The simultaneous introduction of wheel running (WR) and diet choice (high-carbohydrate chow vs. high-fat diet) results in sex-specific diet choice patterns in rats. WR induces a high-fat (HF) diet avoidance, and such avoidance persists in the majority of males, but not females, throughout a 2-wk period. Exercise is a physiological stressor that activates the hypothalamic-pituitary-adrenal (HPA) axis and stimulates glucocorticoid (GC) release, which can alter dietary preferences. Here, we examined the role of the HPA axis and GC signaling in mediating exercise-induced changes in diet preference and the associated neurobiological adaptations that may underlie sex differences in diet choice patterns.
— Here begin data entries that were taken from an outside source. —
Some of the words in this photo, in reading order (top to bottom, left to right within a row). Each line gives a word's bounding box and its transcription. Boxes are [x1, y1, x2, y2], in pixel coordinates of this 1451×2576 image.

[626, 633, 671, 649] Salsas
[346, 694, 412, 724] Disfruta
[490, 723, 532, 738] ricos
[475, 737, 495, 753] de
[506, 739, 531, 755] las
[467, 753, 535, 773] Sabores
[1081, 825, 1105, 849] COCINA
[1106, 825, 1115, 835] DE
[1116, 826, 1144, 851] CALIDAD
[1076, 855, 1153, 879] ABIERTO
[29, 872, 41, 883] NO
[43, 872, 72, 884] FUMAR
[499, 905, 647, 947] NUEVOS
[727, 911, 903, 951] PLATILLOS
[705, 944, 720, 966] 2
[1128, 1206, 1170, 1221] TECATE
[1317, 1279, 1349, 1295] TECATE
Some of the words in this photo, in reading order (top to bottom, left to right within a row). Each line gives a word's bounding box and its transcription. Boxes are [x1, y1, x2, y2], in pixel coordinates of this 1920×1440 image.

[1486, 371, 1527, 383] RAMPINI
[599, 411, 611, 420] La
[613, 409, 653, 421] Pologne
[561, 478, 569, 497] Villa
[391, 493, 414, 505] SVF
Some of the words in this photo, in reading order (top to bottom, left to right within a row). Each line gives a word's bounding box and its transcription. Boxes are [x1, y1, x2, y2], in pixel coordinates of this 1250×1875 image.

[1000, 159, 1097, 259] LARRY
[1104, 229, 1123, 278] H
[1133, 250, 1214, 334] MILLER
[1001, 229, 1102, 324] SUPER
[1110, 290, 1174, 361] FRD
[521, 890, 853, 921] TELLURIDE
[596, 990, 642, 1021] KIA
Experiment 1 revealed that adrenalectomy did not significantly alter the initiation and persistence of running-induced HF diet avoidance in male rats. Experiment 2 showed that acute WR resulted in greater neural activation than chronic WR in the medial prefrontal (mPFC) and insular cortices (IC) in male rats. Experiment 3 revealed sex differences in the molecular adaptation to exercise and diet preference. First, exercise increased gene expression of fkbp5 in the mPFC, IC, and hippocampus of WR females but had limited influence in males. Second, male and female WR rats that reversed or maintained HF diet avoidance showed distinct sex- and HF diet preference-dependent expression profiles of genes involved in cortical GC signaling (e.g., nr3c1, nr3c2, and src1). Taken together, our results suggest sex differences in region-specific neural adaptations may underlie sex differences in diet preference and the health benefits from exercise.